William Beard (24 April 1772 – 9 January 1868) was a British bone collector.

==Life==
He was the son of a farmer at Banwell, Somerset, was born on 24 April 1772.
He received such education as the parish clerk, who was also the schoolmaster of the village, could give him. Like his father, he worked on the land. He married and bought a small estate, which he farmed himself.

Excited by the tradition that Banwell Hill contained a large cavern, he persuaded two miners to join him (September 1824) in sinking a shaft.
At a depth of about 100 feet they came to a stalactite cave. While making a second opening lower down the side of the hill, in order to form a better approach to this cave, he discovered a smaller cavern containing animal bones.
With some help procured for him by the Bishop of Bath and Wells (G. H. Law), to whom the land belonged, Beard dug out the cavern, and found among the debris a number of bones of the bear, buffalo, reindeer, wolf, etc. Captivated with his discovery, he let his land, and spent all his time in searching for bones and putting them together.

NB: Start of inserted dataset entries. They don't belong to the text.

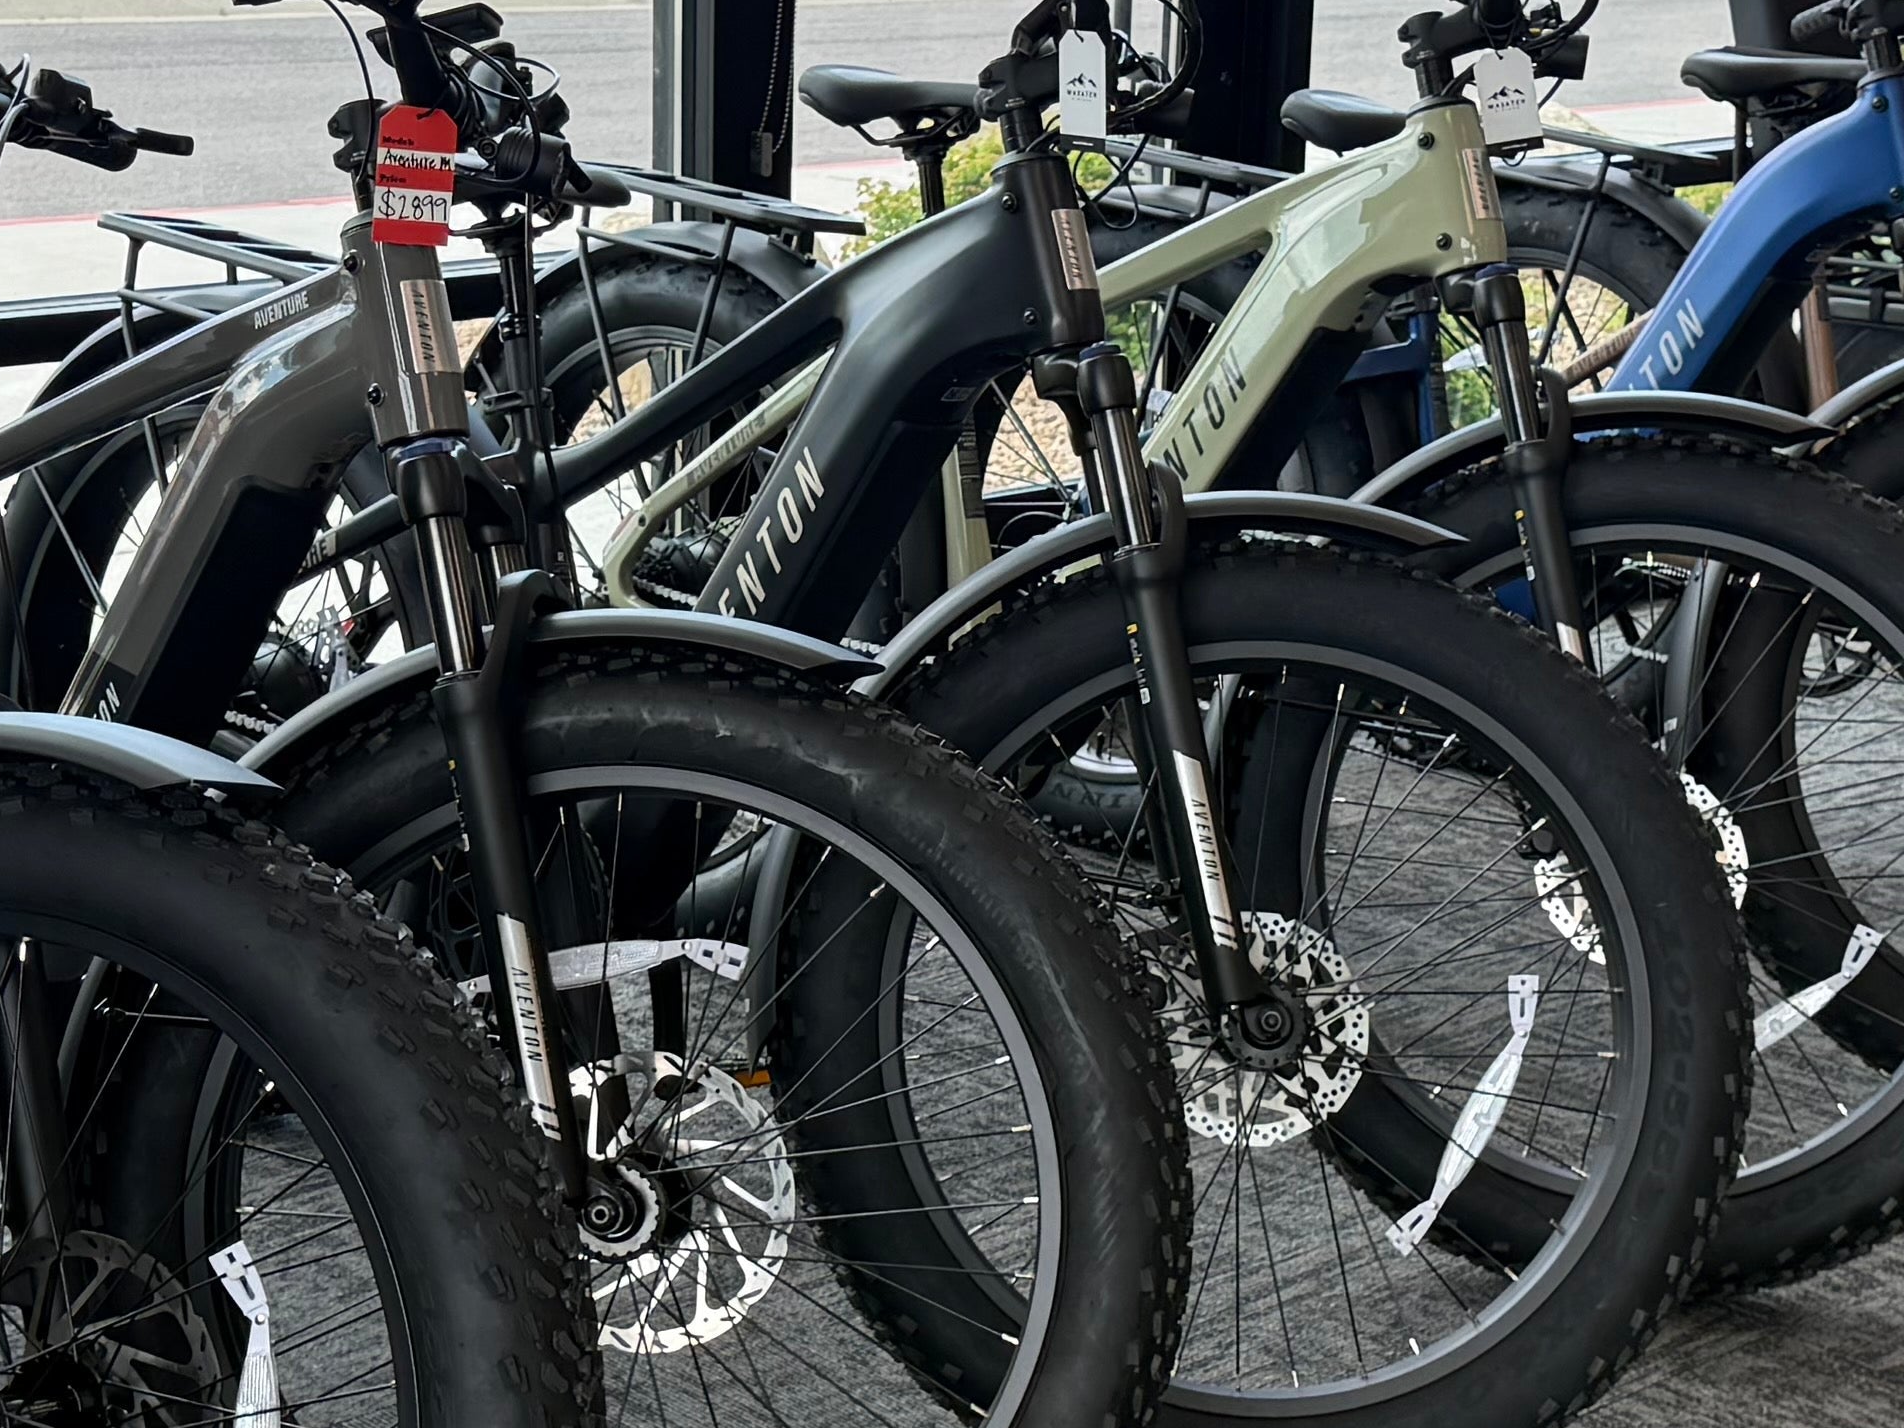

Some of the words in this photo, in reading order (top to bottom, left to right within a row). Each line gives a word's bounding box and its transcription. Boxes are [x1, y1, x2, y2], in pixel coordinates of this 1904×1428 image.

[377, 189, 448, 223] $2899
[253, 291, 310, 330] AVENTURE
[413, 287, 436, 364] AVENTON
[718, 446, 826, 620] ENTON
[1189, 795, 1221, 882] AVENTON
[509, 965, 542, 1063] AVENTON

He acted as guide to the many visitors who came to see the cavern and the bones he collected. He soon learned something of the scientific importance of his discoveries, and became an eager collector of the contents of the bone-caves of the neighbourhood, at Hutton, Bleadon, and Sandford. He died on 9 January 1868, in his ninety-sixth year.

==Assessment and legacy==
He was a reserved man, of quaint manners, and with a high opinion of his own skill. The nickname of the "Professor" given him by the bishop pleased him, and he was generally called by it. He retained his bodily and mental activity almost to the day of his death. He was a small man, of short stature and light build. There is a bust of him in Banwell churchyard, and an engraving representing him at the age of seventy-seven in Rutter's Delineations of Somersetshire.

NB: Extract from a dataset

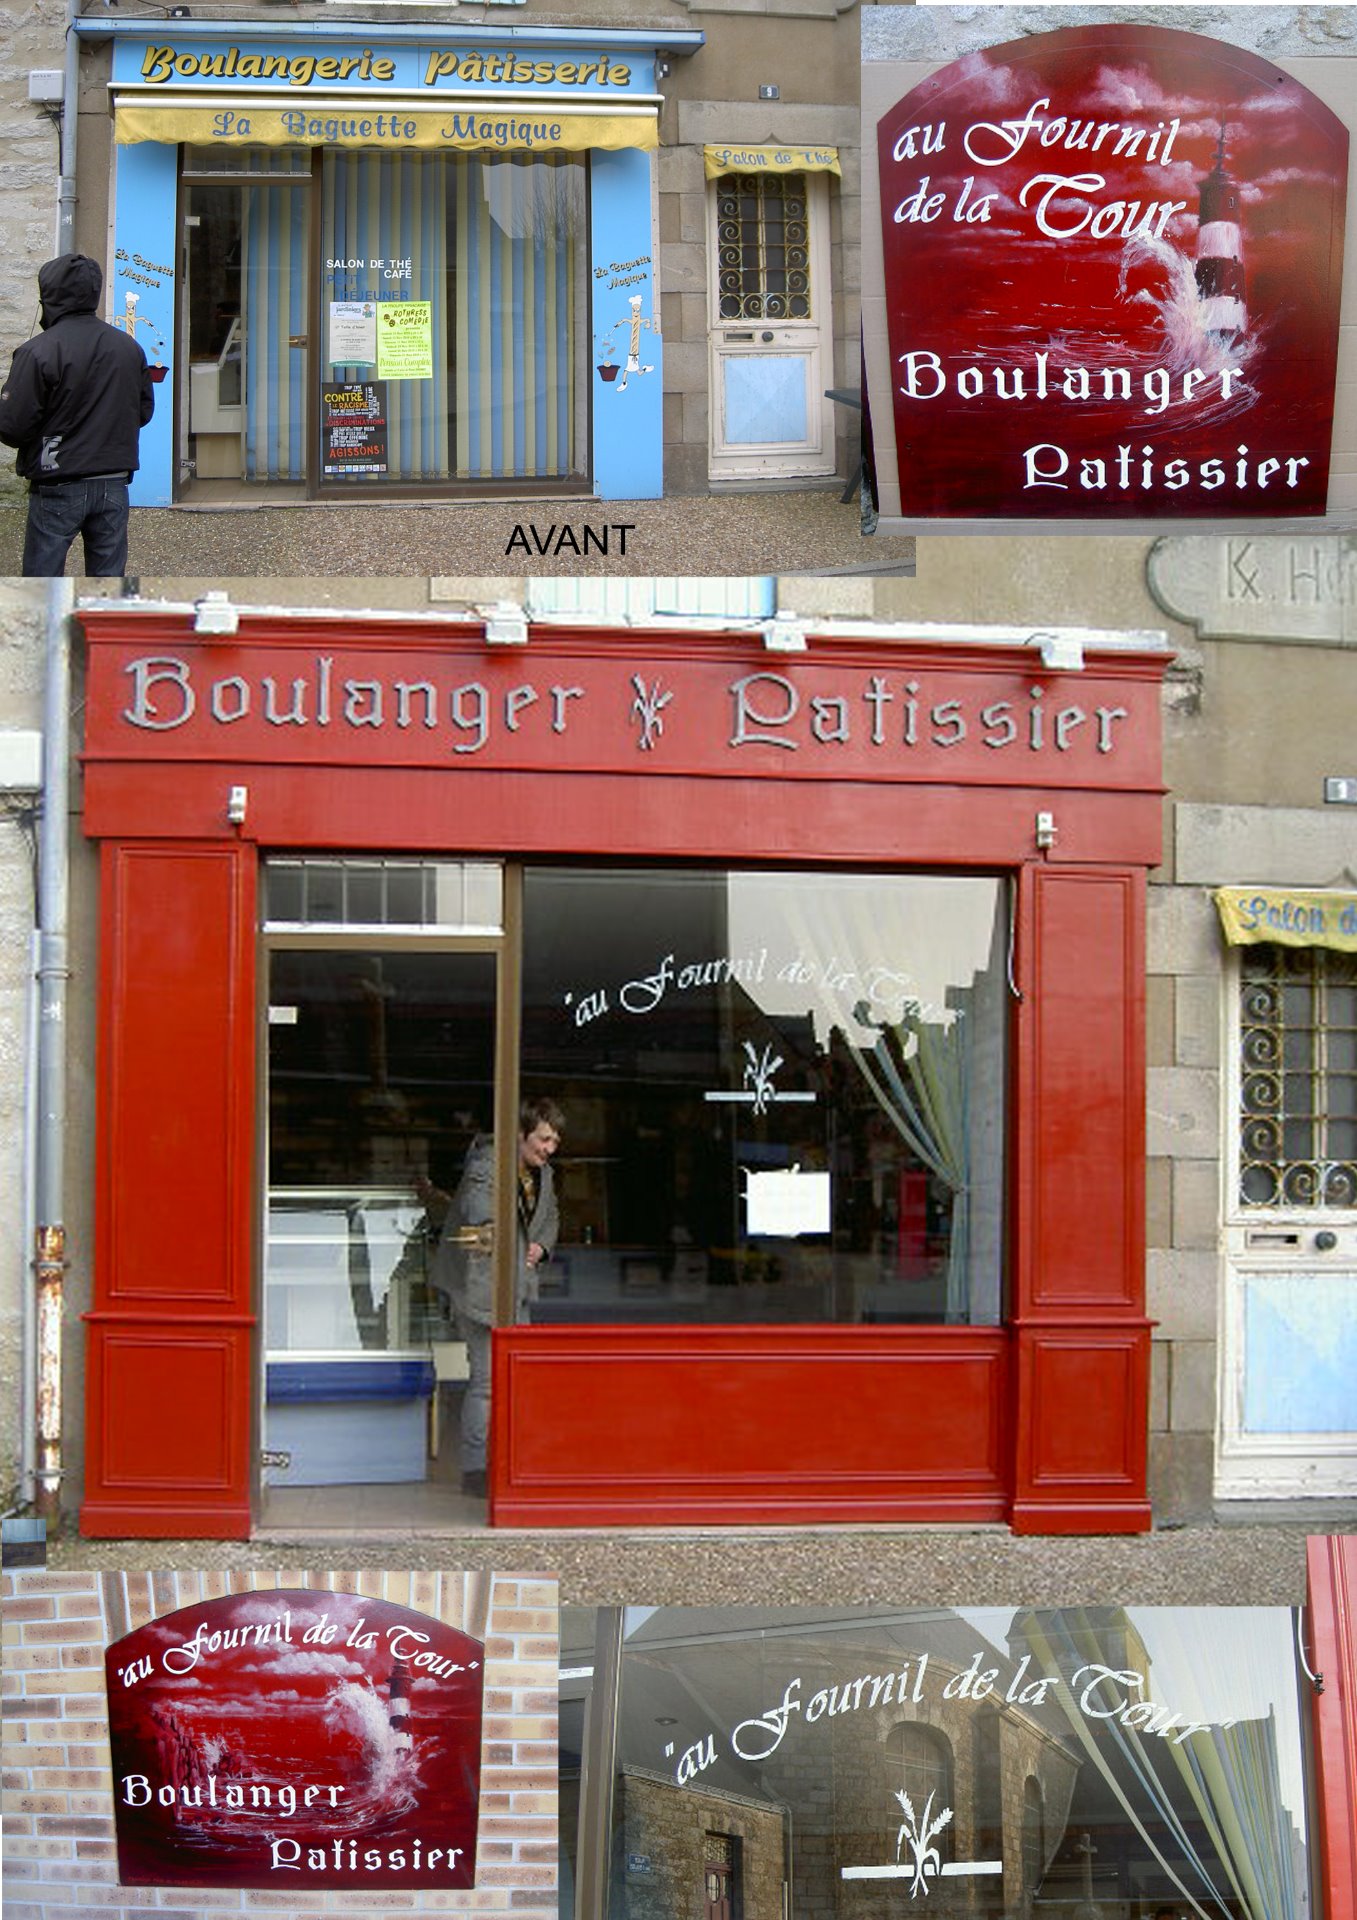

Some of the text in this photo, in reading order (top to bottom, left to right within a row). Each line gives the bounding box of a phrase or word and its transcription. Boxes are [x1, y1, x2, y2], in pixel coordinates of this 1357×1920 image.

His collection of bones was bought by the Somersetshire Archæological and Natural History Society, and went to the Museum of Somerset at Taunton Castle. It included a large number of bones of Felis spelæa, found in England.

Beard kept as much relevant material as he could find of a specimen from a specific site, and he records of where it had come from. The other major collection of the time that passed to the Museum of Somerset consisted of "cabinet" specimens, without records of origin.